Serata spensierata quella di venerdì scorso a Norcia insieme a Riccardo Rossi che, nell’ambito dell’Estate Nursina organizzata dal Comune di Norcia, ha portato in scena il suo spettacolo dal titolo “Così Rossi che più Rossi non si può”, ereditato da un suo libro e, senza dubbio, ispirato allo slogan di uno spot pubblicitario molto famoso negli anni ’70.
Ed è un Amarcord quello che ci propone Riccardo, tra episodi da “telefono azzurro” che, più o meno abbiamo subìto tutti durante la nostra infanzia da mamme eccessivamente amorevoli e apprensive e i ricordi di una giovinezza che sembra lontana nel tempo quanto vicino è “l’inizio della fine” al compimento dei 50 anni.
Fatti e misfatti che accomunano tutti e con i quali siamo stati, siamo e saremo sempre alle prese, in un racconto, sempre garbato e mai volgare, delle proprie esperienze diventate gag irresistibili.
Ma per chi è vissuto a Roma nel suo stesso quartiere, in quell’epoca, è anche occasione per un nostalgico flash back che ti ruba un sorriso mentre ripensi alle scarpe ortopediche Balducci (con gli occhielli d’estate e a scarponcino correttivo d’inverno) che eri costretta a mettere, alle domeniche al parco di Villa Glori con il giro sul pony immortalato da una foto, ai biscotti Gentilini per la prima colazione che, all’epoca, si vendevano sfusi, fino ai primi tentativi di essere “alla moda” con le T shirt della “Fruit of the Loom”, ambitissime magliette che, con il tempo, sono state declassate a prodotto dozzinale e che per noi erano un must.
Vivere in un quartiere alto borghese di Roma non era per niente facile, soprattutto per chi di quegli ambienti non ne faceva parte; a quanto pare dai racconti di Riccardo non era facilissimo neanche per chi della borghesia faceva parte: probabilmente anche tra loro esistevano differenze di conto in banca che io, all’epoca, non percepivo. Toccavo con mano però la differenza di provenienza, di livello culturale delle famiglie, la difficoltà dell’integrazione (soprattutto quando ero invitata a feste bellissime, dove regolamente mi sentivo inadeguata come il piccolo Zorro alla festa di carnevale riconoscibile solo dal cappello, e ai cui inviti non potevo ricambiare) o quando, al rientro da scuola, la maestra ci chiedeva dove avevamo passato le vacanze (che io trascorrevo in Umbria, dai parenti, mentre i miei genitori restavano a lavorare a Roma).
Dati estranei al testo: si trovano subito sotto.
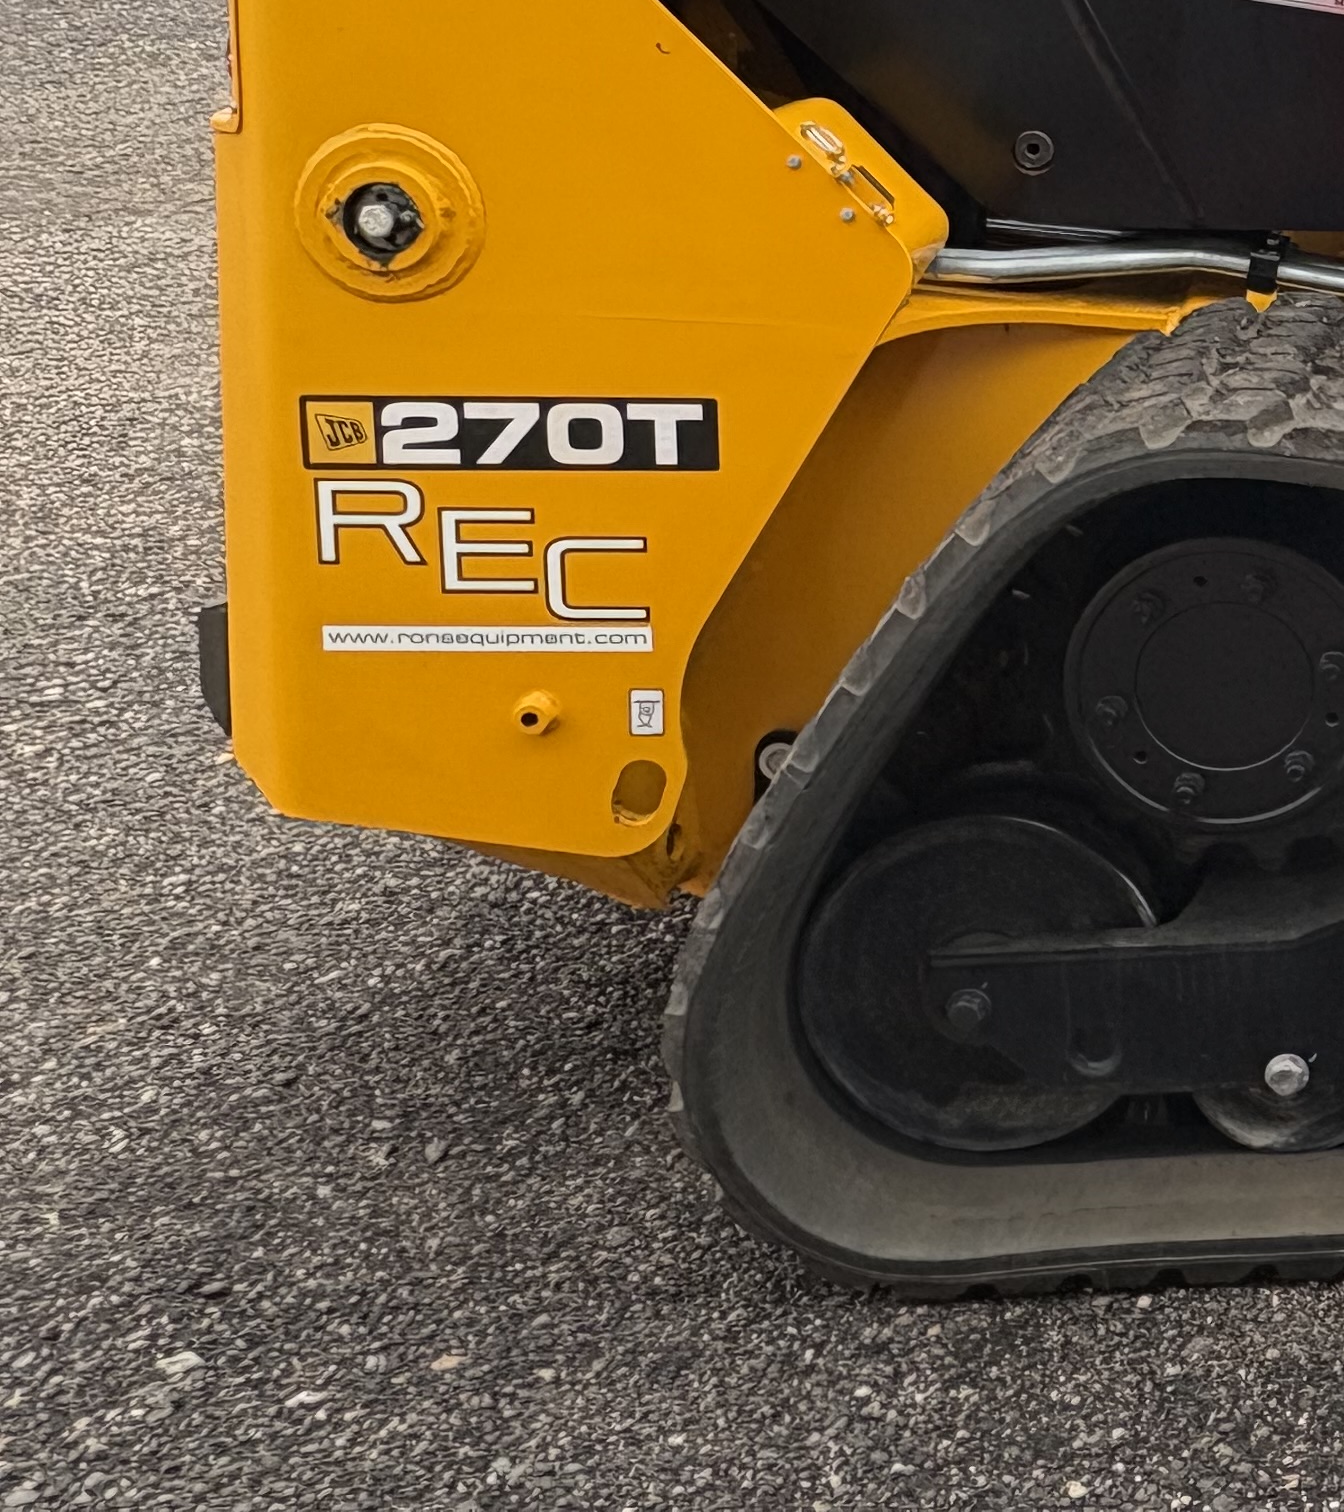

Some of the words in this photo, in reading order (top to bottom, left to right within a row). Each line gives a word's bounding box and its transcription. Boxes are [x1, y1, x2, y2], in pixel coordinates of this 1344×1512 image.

Ma l’ambiente in cui sono cresciuta mi ha reso ciò che sono, mi ha donato opportunità di crescita culturale e umana, e forse mi ha dotato di un certo senso dell’umorismo, lo stesso che porta in scena Riccardo Rossi nei suoi spettacoli e che ci ha reso consci di aver vissuto in un bel periodo, quando l’età e la spensieratezza contribuivano e rendere tutto rosa, quando potevi dormire tranquilla sul sedile posteriore della macchina durante un viaggio con mamma e papà, con la incrollabile sicurezza che niente di brutto avrebbe potuto mai accadere.
Riccardo ha espresso vicinanza e solidarietà agli abitanti di Norcia, per i quali certo non è facile vivere in un luogo dove, ogni giorno, le ferite del terremoto sono vive e tangibili; ma anche una serata spensierata, come quella vissuta sotto la statua di San Benedetto, può essere terapeutica ed aiutare a vedere il futuro meno grigio.
Chissà se fra qualche decina d’anni Riccardo Rossi ci farà ridere ricordando questo strambo e difficile presente, continuando a scherzare sulle nostre ansie e le nostre fragilità.